Retrospectively, the last year delivered an exceptional 183% gain to the company's top line. However, this wasn't enough as the latest three year period has seen the company endure a nasty 17% drop in revenue in aggregate. Therefore, it's fair to say the revenue growth recently has been undesirable for the company.
Turning to the outlook, the next year should bring diminished returns, with revenue decreasing 1.4% as estimated by the lone analyst watching the company. With the industry predicted to deliver 17% growth, that's a disappointing outcome.
With this information, we find it concerning that Dlg Exhibitions & Events is trading at a P/S higher than the industry. Apparently many investors in the company reject the analyst cohort's pessimism and aren't willing to let go of their stock at any price. Only the boldest would assume these prices are sustainable as these declining revenues are likely to weigh heavily on the share price eventually.
The Key Takeaway
We'd say the price-to-sales ratio's power isn't primarily as a valuation instrument but rather to gauge current investor sentiment and future expectations.
For a company with revenues that are set to decline in the context of a growing industry, Dlg Exhibitions & Events' P/S is much higher than we would've anticipated.
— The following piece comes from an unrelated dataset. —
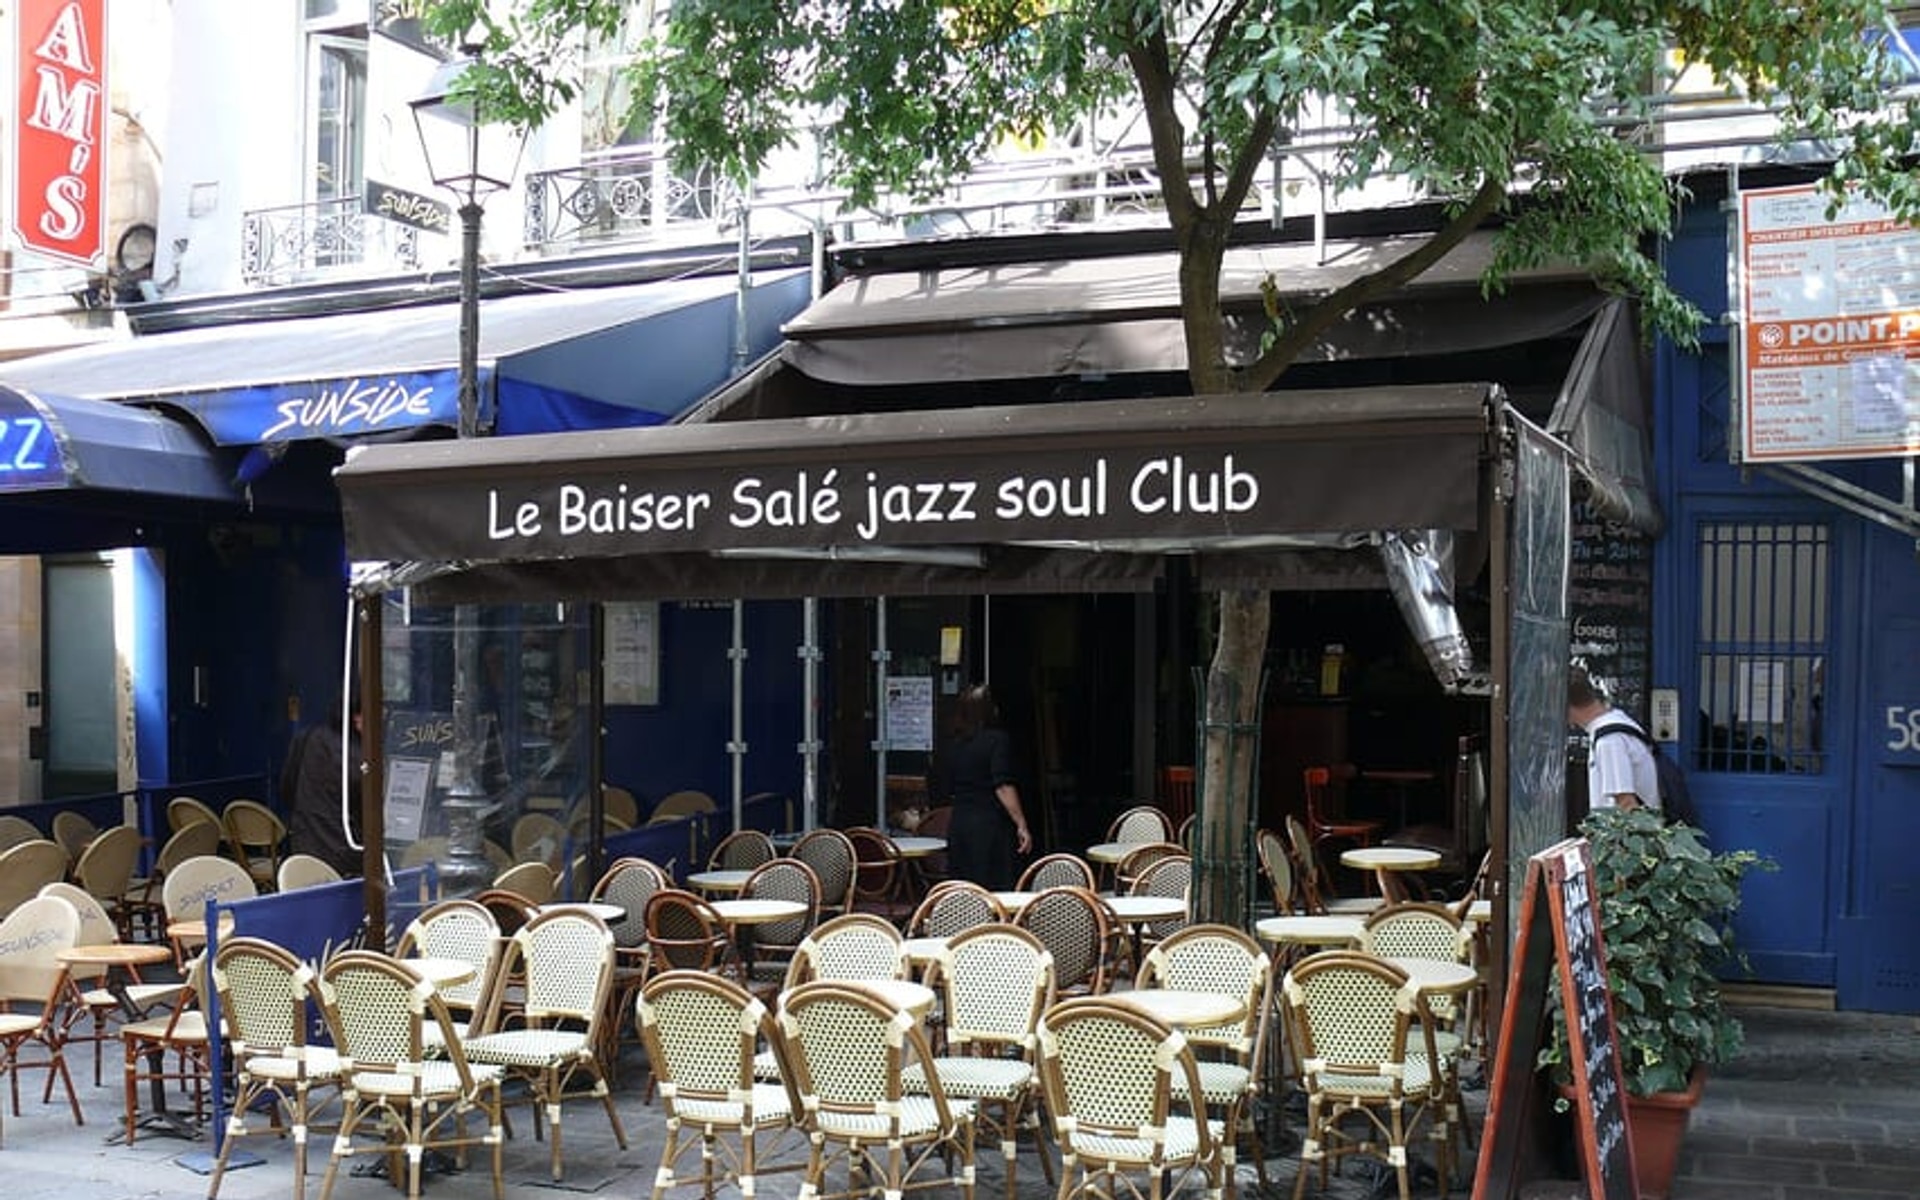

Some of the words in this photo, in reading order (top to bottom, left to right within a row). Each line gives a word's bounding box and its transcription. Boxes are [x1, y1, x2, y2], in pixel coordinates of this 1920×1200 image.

In cases like this where we see revenue decline on the horizon, we suspect the share price is at risk of following suit, bringing back the high P/S into the realms of suitability. At these price levels, investors should remain cautious, particularly if things don't improve.
Having said that, be aware Dlg Exhibitions & Events is showing 2 warning signs in our investment analysis, you should know about.
It's important to make sure you look for a great company, not just the first idea you come across. So if growing profitability aligns with your idea of a great company, take a peek at this free list of interesting companies with strong recent earnings growth (and a low P/E).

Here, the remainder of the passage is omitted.